Source records:
┄┄┄┄┄┄

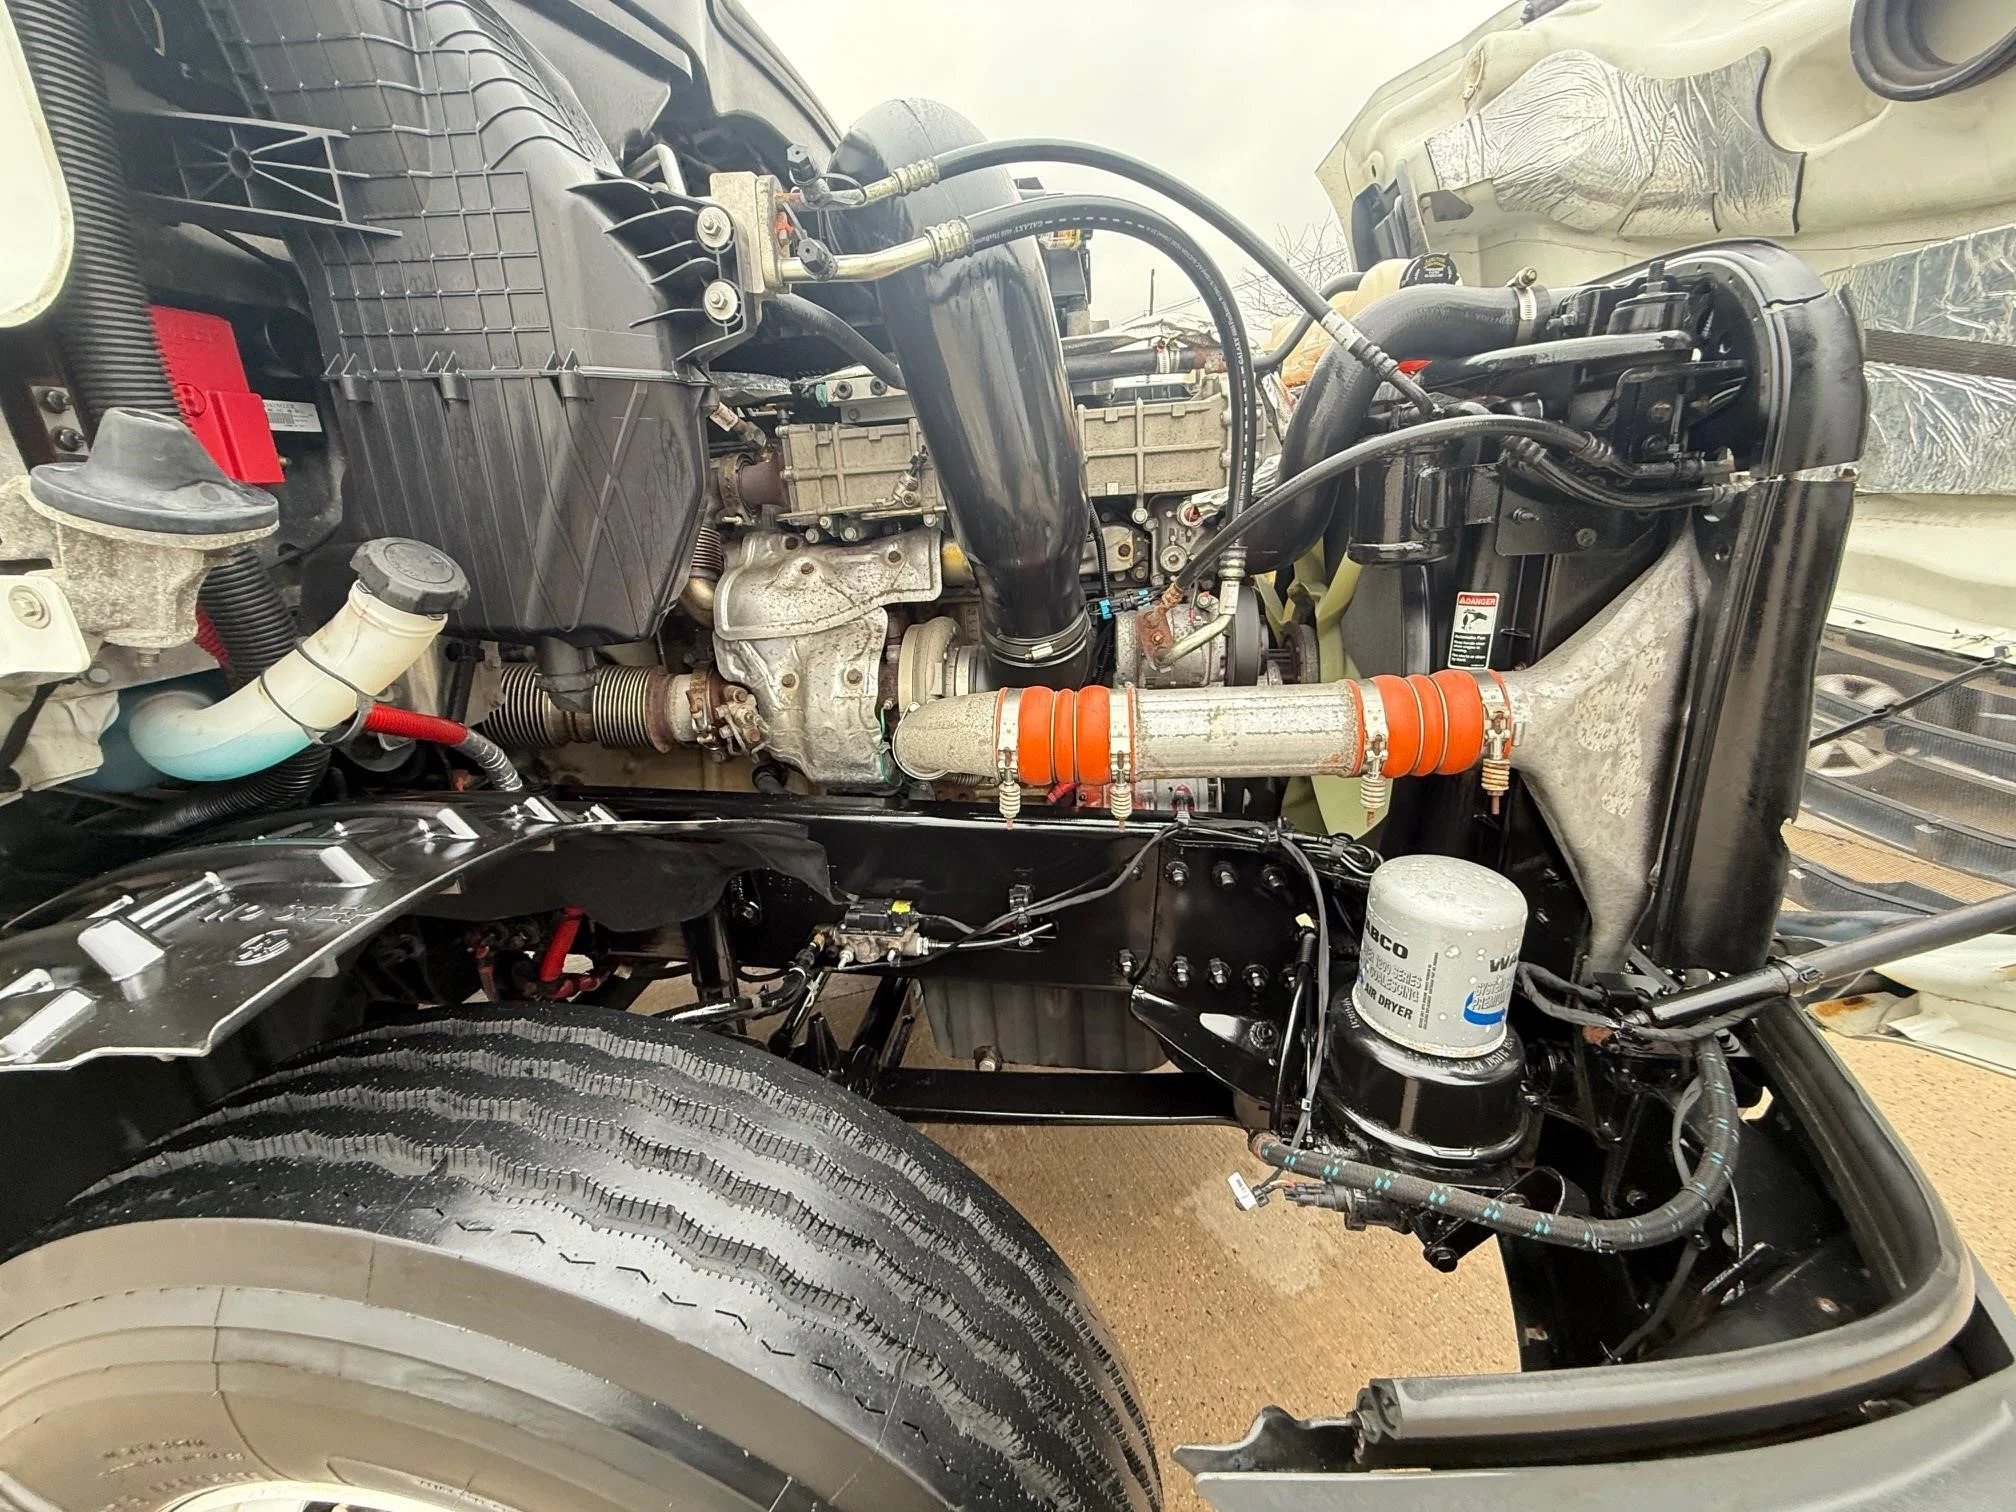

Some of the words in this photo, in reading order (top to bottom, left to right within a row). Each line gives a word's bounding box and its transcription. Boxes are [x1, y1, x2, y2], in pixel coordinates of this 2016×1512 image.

[1467, 597, 1496, 606] DANGER
[1393, 967, 1422, 989] SERIES
[1365, 982, 1377, 1000] AIR
[1378, 993, 1413, 1020] DRYER
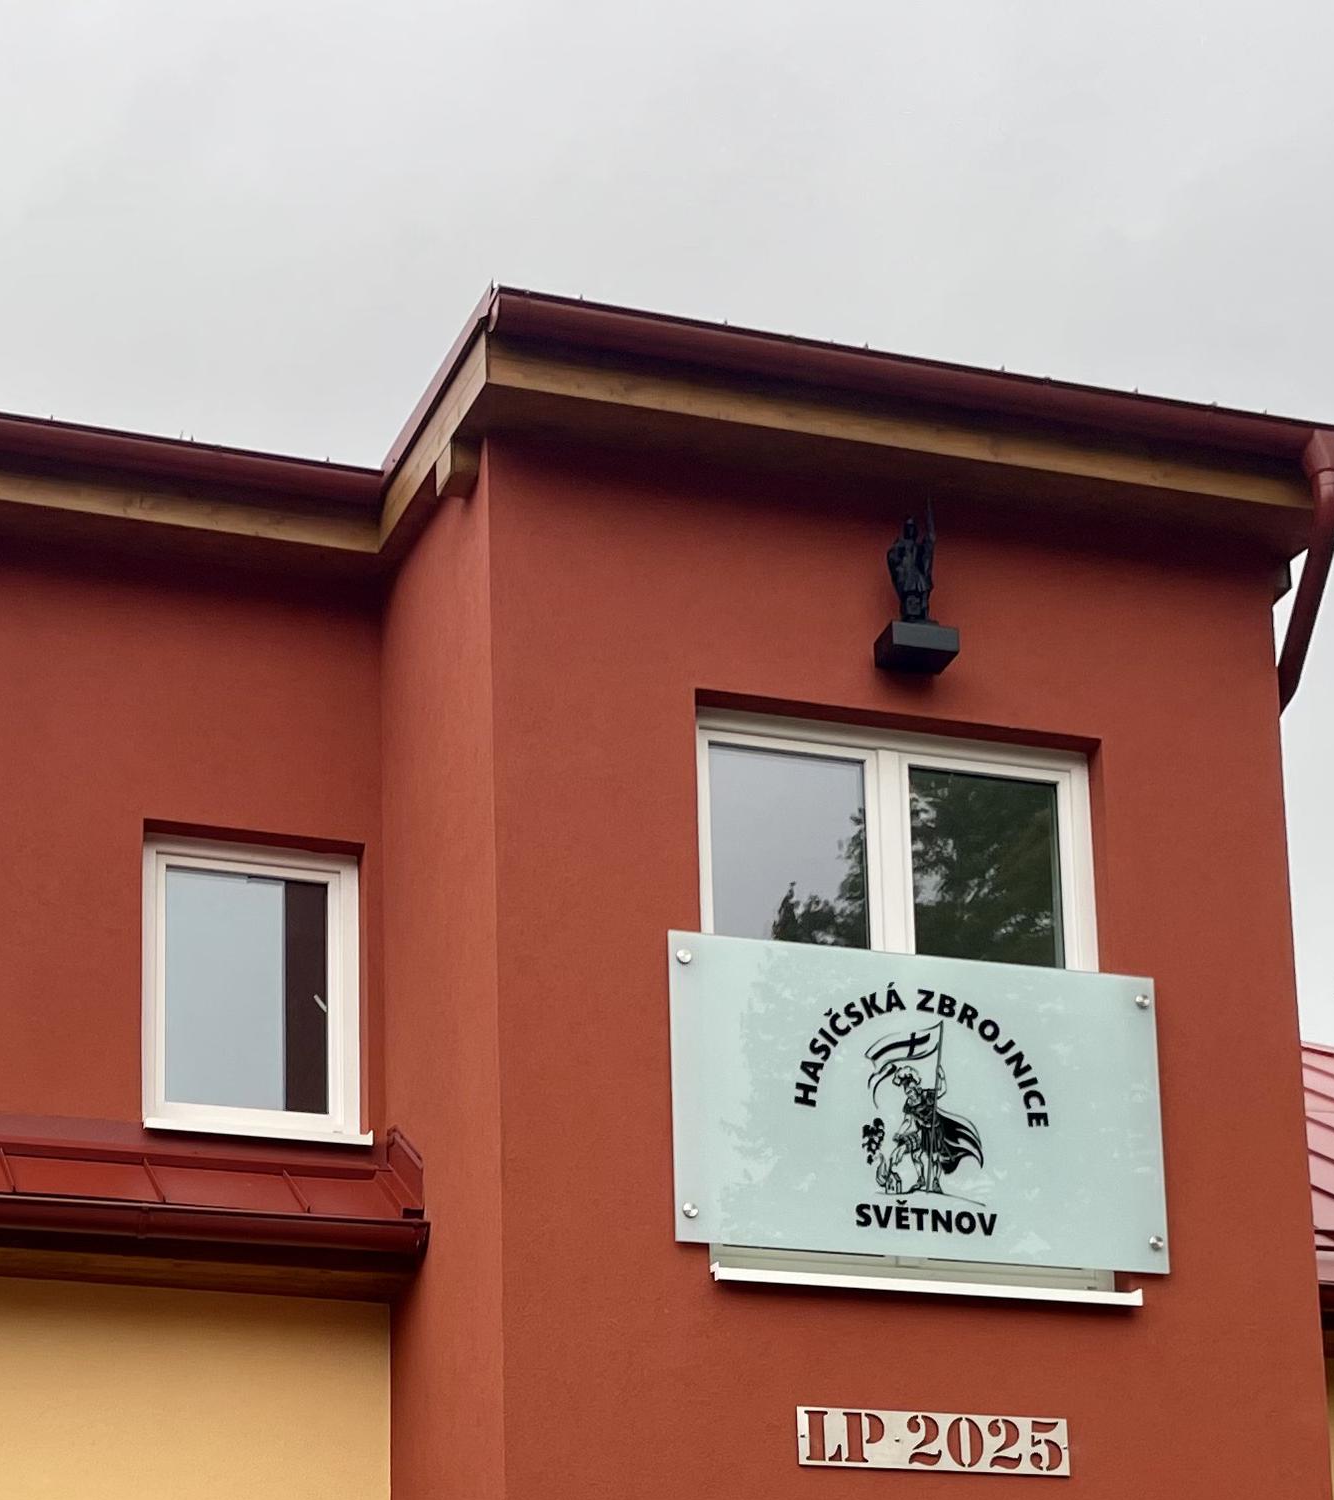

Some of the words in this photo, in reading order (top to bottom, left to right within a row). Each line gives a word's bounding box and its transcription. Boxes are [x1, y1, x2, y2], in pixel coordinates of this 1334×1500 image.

┄┄┄┄┄┄

▶ [TASK]
Leaving the pictures out, write out every entry exactly.

▶ [RESPONSE FOR THIS EXERCISE]
Some of the words in this photo, in reading order (top to bottom, left to right within a row). Each line gives a word's bounding box and its transcription. Boxes are [x1, y1, x2, y2], in pixel coordinates of this 2016×1512 image.

[1467, 597, 1496, 606] DANGER
[1393, 967, 1422, 989] SERIES
[1365, 982, 1377, 1000] AIR
[1378, 993, 1413, 1020] DRYER

Some of the words in this photo, in reading order (top to bottom, left to right within a row). Each line gives a word's bounding box and its transcription. Boxes are [x1, y1, x2, y2], in pixel coordinates of this 1334×1500 image.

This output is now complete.